THE DATA:
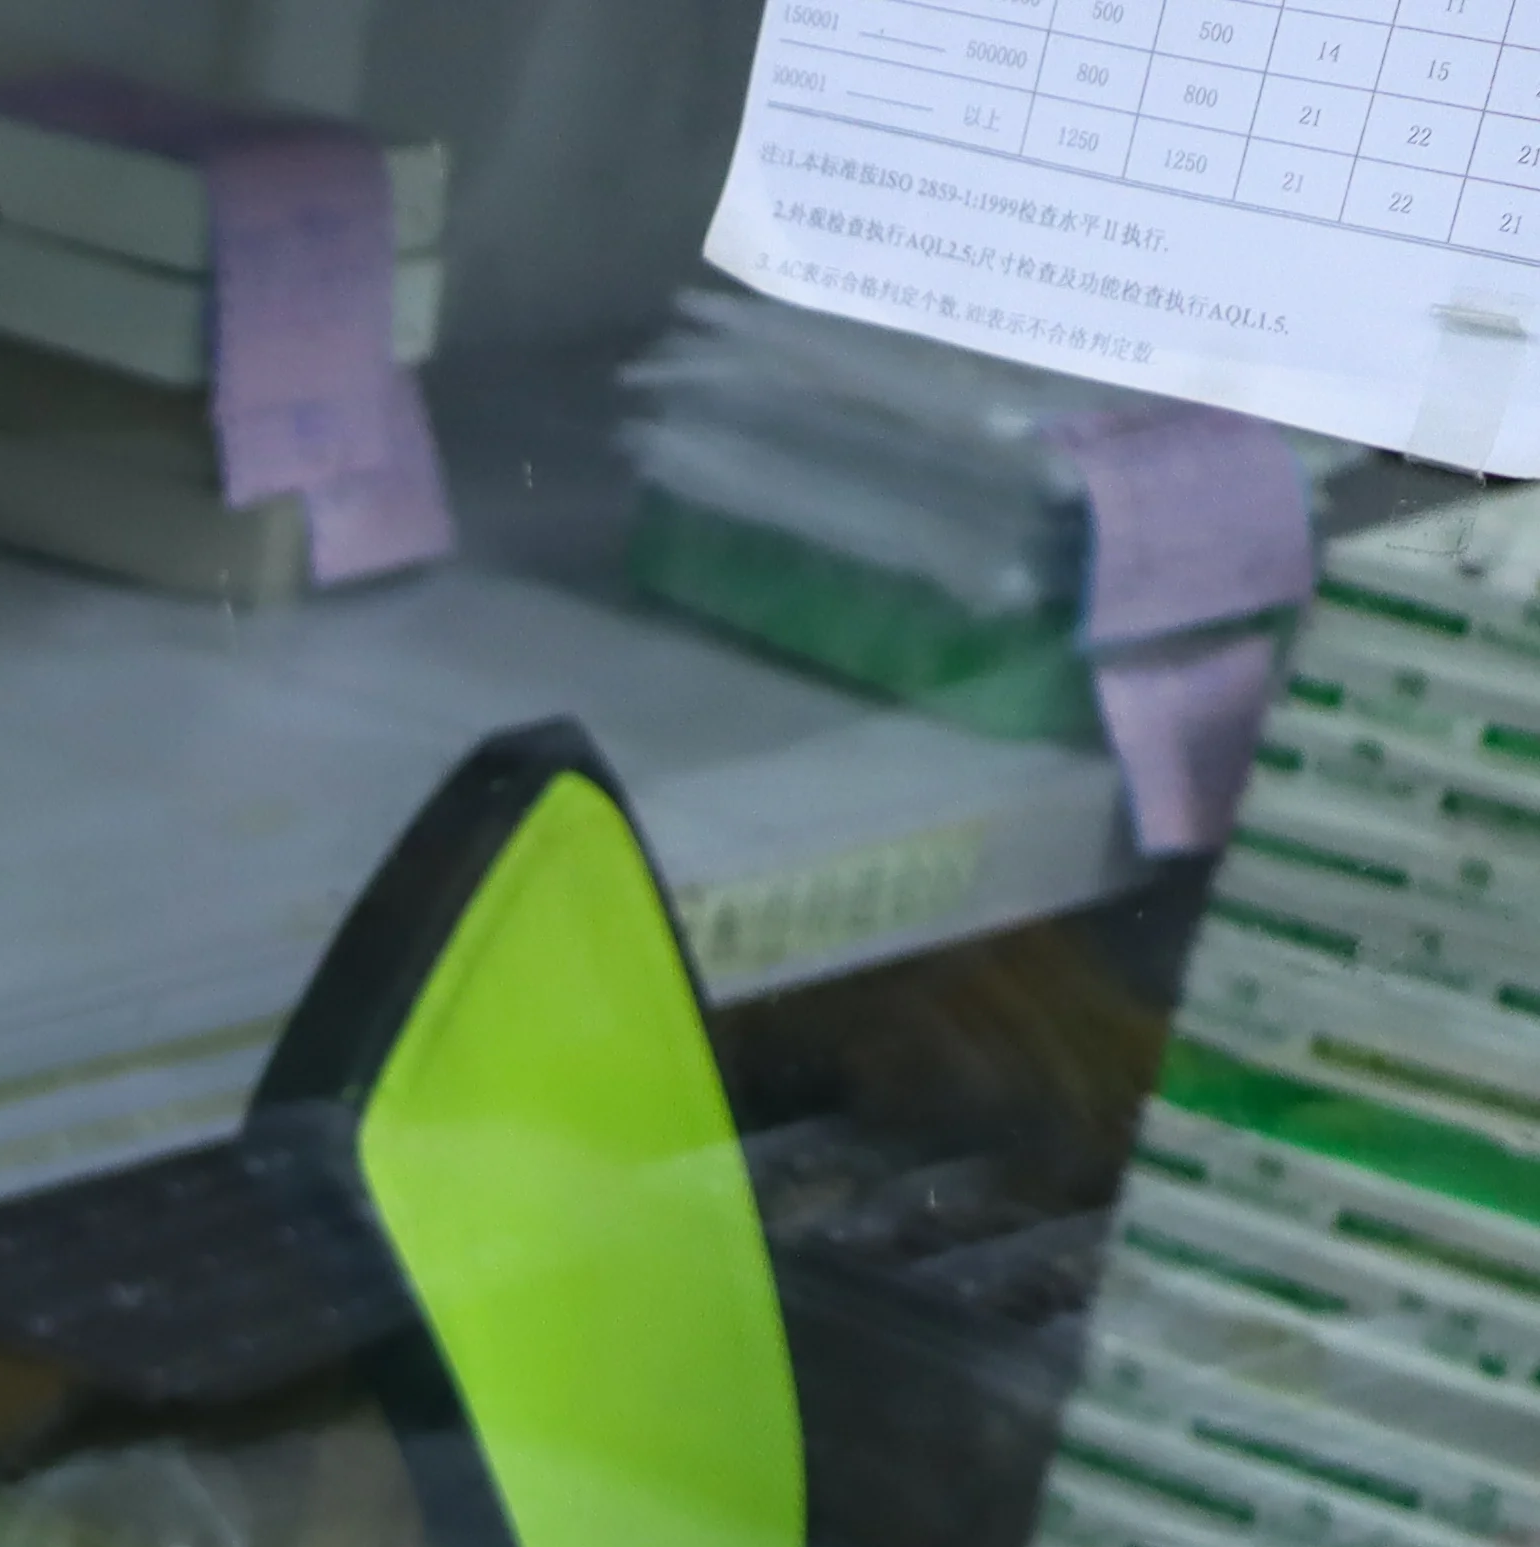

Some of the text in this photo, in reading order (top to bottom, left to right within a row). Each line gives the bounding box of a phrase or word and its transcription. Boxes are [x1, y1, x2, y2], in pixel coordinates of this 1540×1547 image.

[966, 39, 1028, 69] 500000
[1076, 62, 1110, 87] 800
[1182, 83, 1218, 109] 800
[1298, 105, 1322, 128] 21
[1406, 124, 1433, 148] 22
[1092, 1, 1452, 82] 500 500 14 15
[963, 104, 1002, 132] 以上
[1057, 125, 1100, 152] 1250
[1163, 147, 1209, 175] 1250
[1281, 171, 1305, 194] 21
[1388, 191, 1415, 215] 22
[1499, 212, 1523, 235] 21
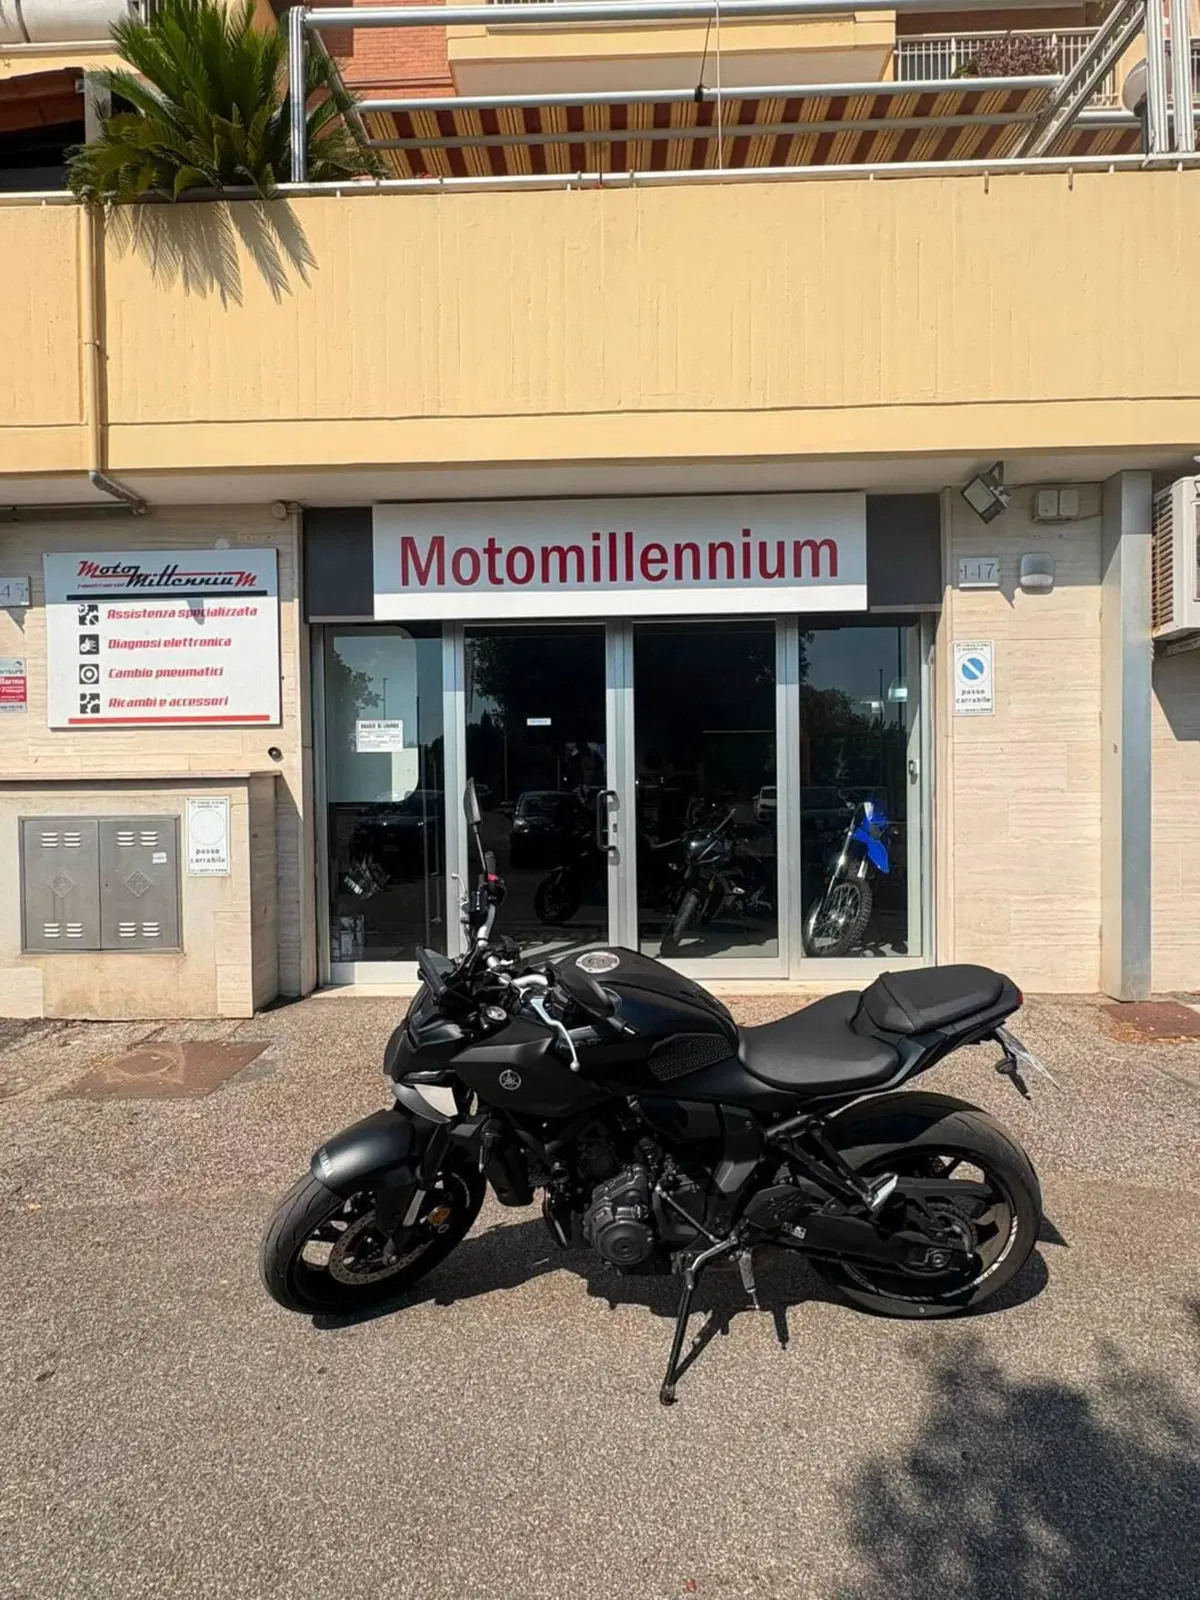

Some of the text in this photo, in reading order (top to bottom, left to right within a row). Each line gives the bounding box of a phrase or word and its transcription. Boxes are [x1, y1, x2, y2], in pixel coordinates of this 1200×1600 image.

TASK INSTRUCTIONS:
Your answer must be the full set of entries, set down exactly and without pictures.

RESULT:
Some of the text in this photo, in reading order (top to bottom, left to right within a row). Each line gives the bounding box of a phrase or word and its transcription. Boxes are [x1, y1, x2, y2], in pixel coordinates of this 1540×1547 image.

[966, 39, 1028, 69] 500000
[1076, 62, 1110, 87] 800
[1182, 83, 1218, 109] 800
[1298, 105, 1322, 128] 21
[1406, 124, 1433, 148] 22
[1092, 1, 1452, 82] 500 500 14 15
[963, 104, 1002, 132] 以上
[1057, 125, 1100, 152] 1250
[1163, 147, 1209, 175] 1250
[1281, 171, 1305, 194] 21
[1388, 191, 1415, 215] 22
[1499, 212, 1523, 235] 21

Some of the text in this photo, in reading order (top to bottom, left to right within a row). Each line gives the bounding box of a phrase or word and its transcription. Boxes are [x1, y1, x2, y2], in pixel coordinates of this 1200×1600 image.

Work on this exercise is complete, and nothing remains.